Life after cancer treatment

Everyone feels differently when they finish treatment. You might be ready to get on with life or feel worried about the future. It takes time to recover physically and emotionally from cancer and cancer treatment.

You might look different, or feel differently about your body. Give yourself time to adjust to these changes. If something is stopping you from having relationships or sex, always ask for support. If sex is difficult or painful, talk to your healthcare team as there are often ways to improve your sex life.

If you decide you would like to start a family, ask your doctor for advice. If your fertility has been affected, fertility treatments may help. The right time to try for a baby depends on when you finished treatment and the type of cancer and treatment you had. Some women may be advised to try for a baby sooner because they are at risk of any early menopause.

If you aren’t ready to start a family, always use contraception.

After treatment

Although you may feel ready to get on with life after treatment, it’s also common to have mixed feelings. You may have days when you feel anxious or less positive about the future. It can take time to recover physically and emotionally, and to work out what happens next. You have been through a lot so it is completely normal to feel this way.


If your body is different

Cancer and cancer treatment can change your appearance or how you feel about your body. These changes can be short-term or long-term. Some changes are more obvious, such as scars or weight changes. Others, such as changes to fertility or reduced sex drive, can’t be seen but can also have a big effect on you.

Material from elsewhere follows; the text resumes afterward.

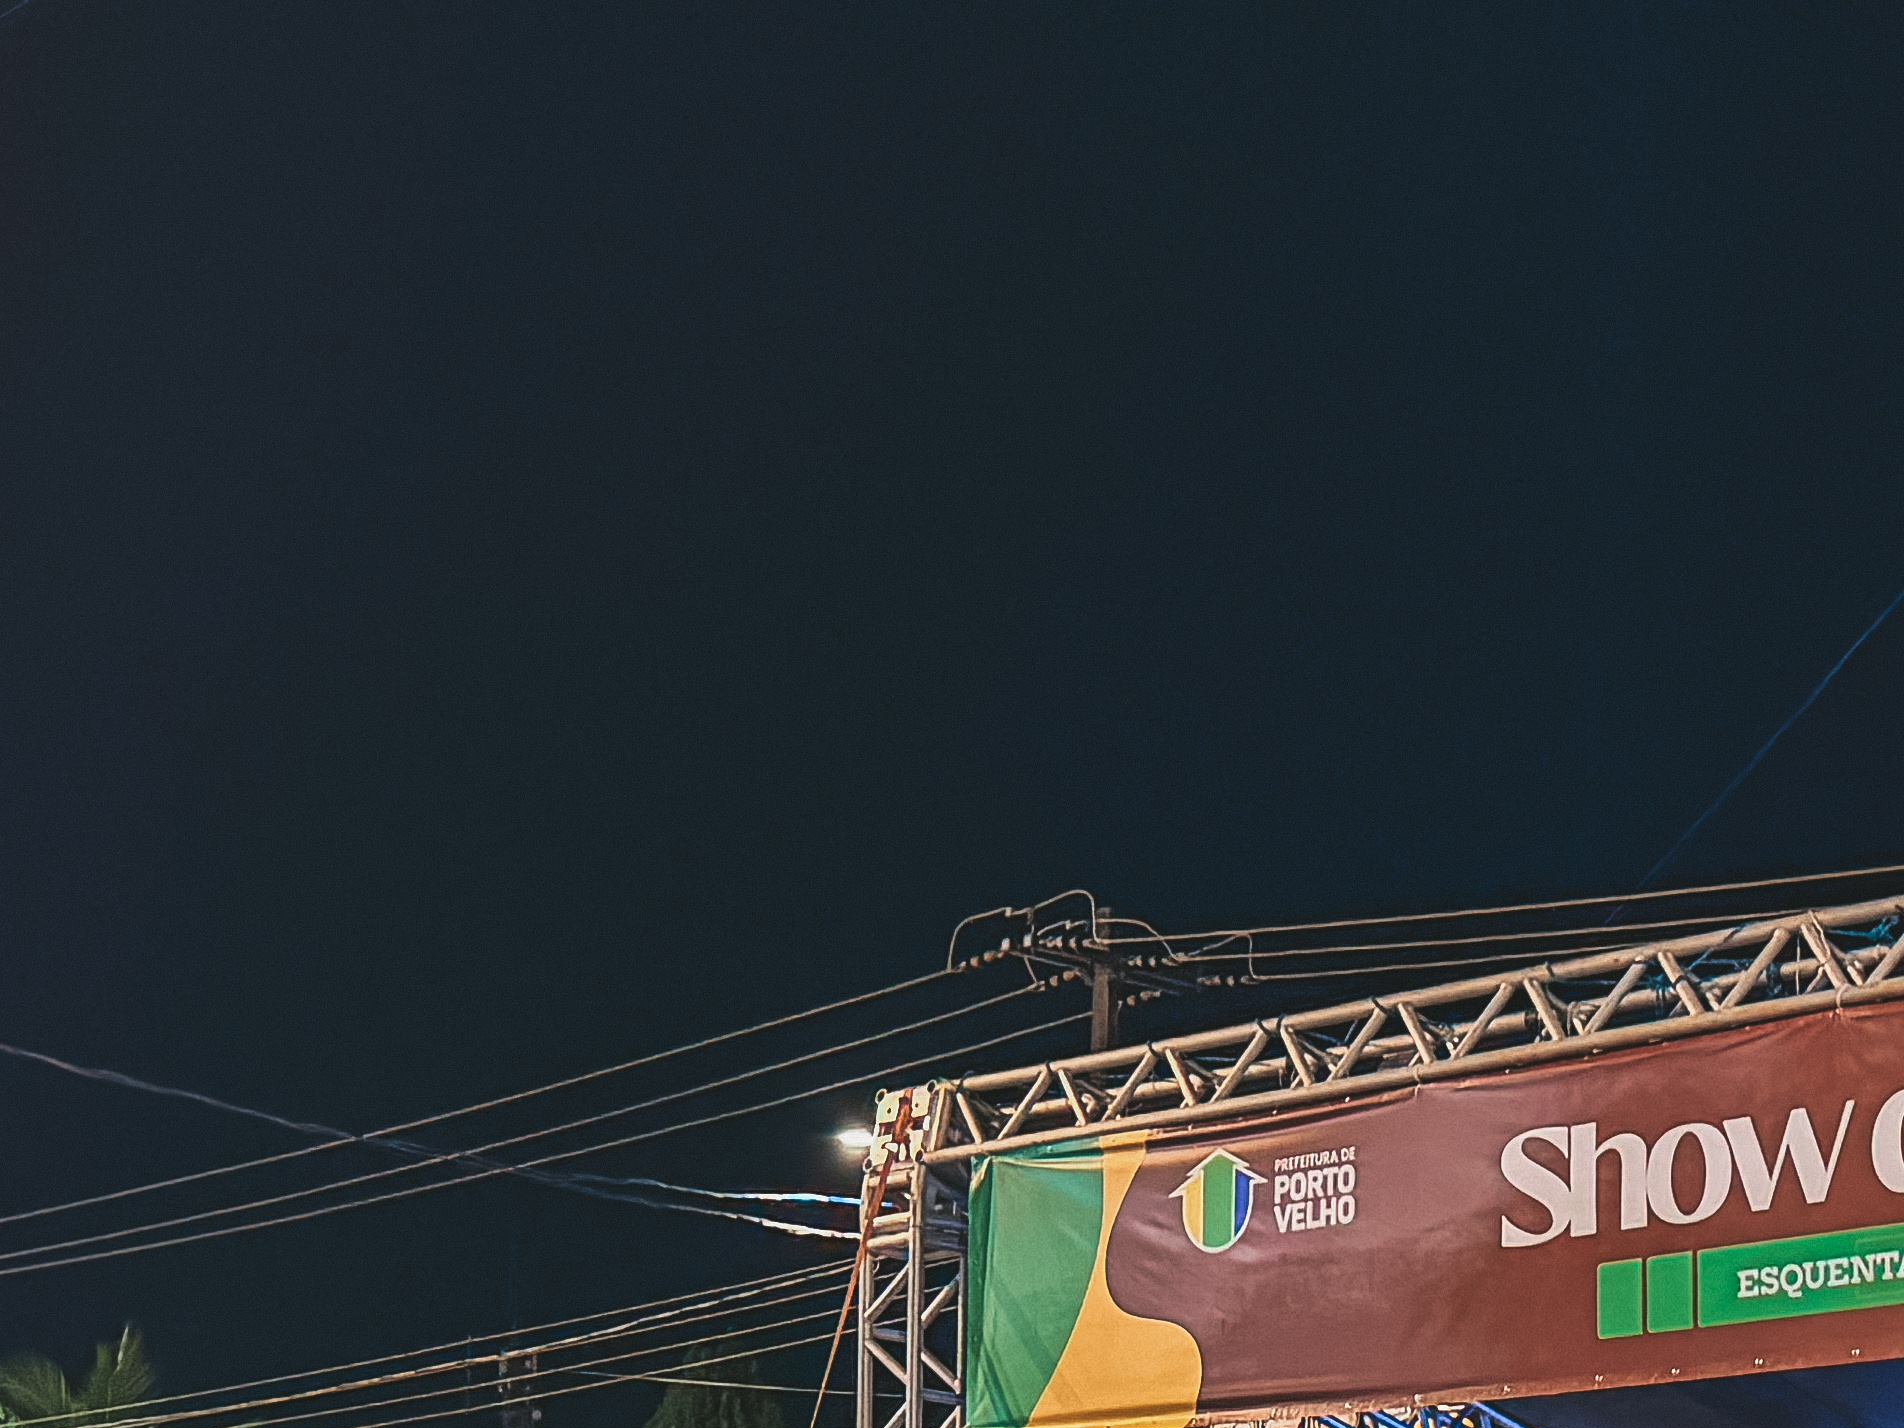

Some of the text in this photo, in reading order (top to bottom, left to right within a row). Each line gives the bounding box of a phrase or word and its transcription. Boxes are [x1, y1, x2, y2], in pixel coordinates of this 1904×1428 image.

[1274, 1146, 1356, 1172] PREFEITURA DE
[1273, 1164, 1356, 1204] PORTO
[1273, 1195, 1356, 1233] VELHO

If you find it difficult to cope with changes to your body, give yourself time to adjust and be kind to yourself. You may find it gets easier. But if something about your appearance or body is stopping you from having relationships or sex, you may want more advice and support.

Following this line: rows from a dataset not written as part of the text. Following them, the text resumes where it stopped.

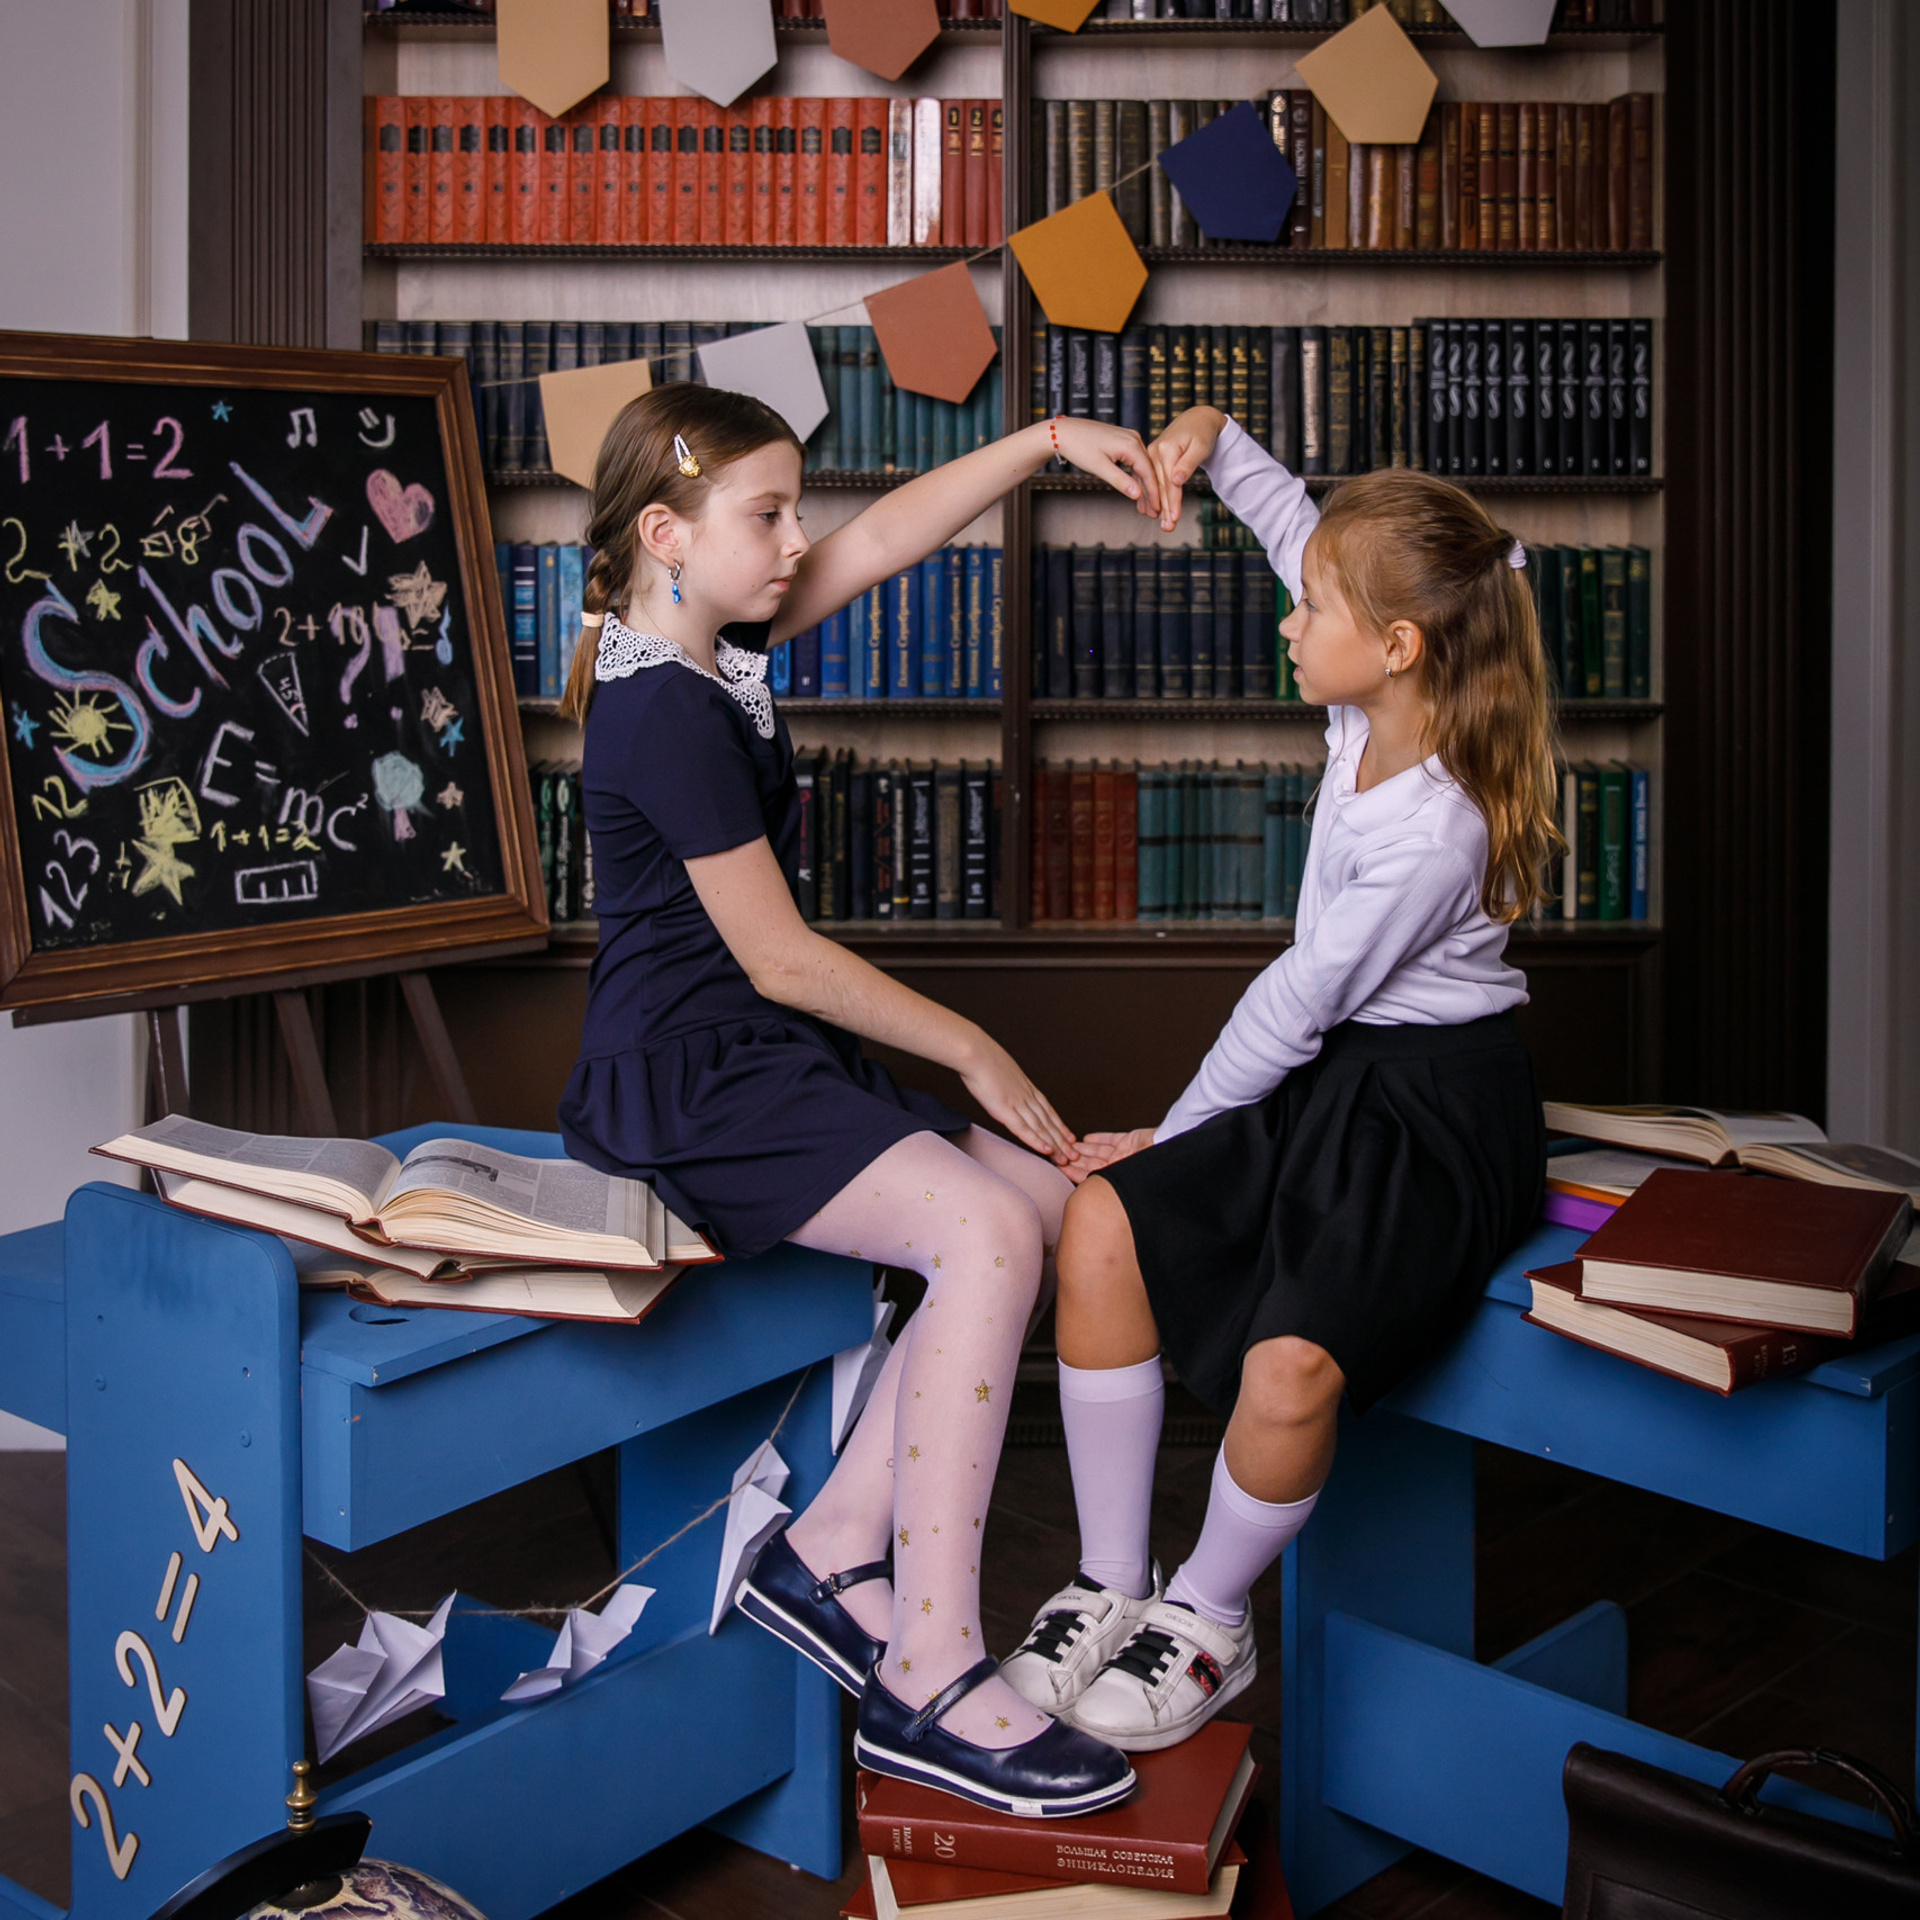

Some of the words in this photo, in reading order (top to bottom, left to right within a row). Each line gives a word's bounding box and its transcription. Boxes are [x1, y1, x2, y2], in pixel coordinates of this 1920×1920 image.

[1050, 336, 1063, 392] РЕМАРК
[1164, 1612, 1194, 1629] GEOX
[934, 1831, 956, 1859] 20
[1056, 1845, 1107, 1859] БОЛЬШАЯ
[1112, 1850, 1174, 1865] СОВЕТСКАЯ
[1057, 1858, 1175, 1879] ЭНЦИКЛОПЕДИЯ

Building your confidence can have a positive effect. Try to think of things that make you feel good about yourself. Set yourself goals that you know you can meet. You can work towards larger goals by breaking them into smaller steps. For example, if you’re worried about going out in public, you could start by having some close friends round to watch a film. If you feel comfortable with that, next time you could do something at someone else’s house. Eventually, you might feel confident enough to go out somewhere quiet for a short time with friends.

We have more information about coping with body changes.

Image for me is incredibly important and I have struggled with how much my appearance has changed with cancer.

Jenna

When my hair started to come out, I was embarrassed about what people would think, especially my boyfriend. But he reassured me that it was only hair and that I was still beautiful.

Kirsty


If sex is difficult

Physical and emotional changes after cancer treatment can affect your confidence or your ability to have sex. This could affect your relationship, or make you worried about starting a new relationship. Some changes can be long-term. Some only happen months or years after treatment.

If you find sex is difficult or painful, it’s important to get the right support and information. There are often ways to improve your sex life. It can be embarrassing to talk about it, but your healthcare team understand the issues and can help you.

You can find out more about coping with sexual problems in our information about sexuality and cancer for men and for women.


What about starting a family?

If your fertility is affected after cancer treatment, you may be able to have treatment to help you start a family. Our information about fertility explains more about this.

The right time to try for a baby depends on when you finished treatment and the type of cancer and treatment you had. Talk to your doctor for some advice.

They may advise that you wait for a time before trying for a baby. This gives your body time to recover.

For women

Some women have a risk of an earlier menopause because of their cancer treatment. If this is likely, talk to your doctor as soon as you can. You may be advised to try for a baby sooner to give you the best chance of getting pregnant.

Cancer treatment sometimes makes pregnancy more complicated. Some women may need extra support from their healthcare team during pregnancy if they have had:

  • surgery or radiotherapy to the pelvic area (the area between the hips and below the belly button)
  • cancer treatment that has affected the heart or kidneys.

Even if your cancer treatment was many years ago, let your healthcare team know so they can give you the right care during pregnancy.


Contraception

Even if there is a risk that cancer treatment has affected your fertility, you and a partner may still be able to get pregnant. If you are not ready to start a family, use contraception. We have more information about safe sex and cancer treatment.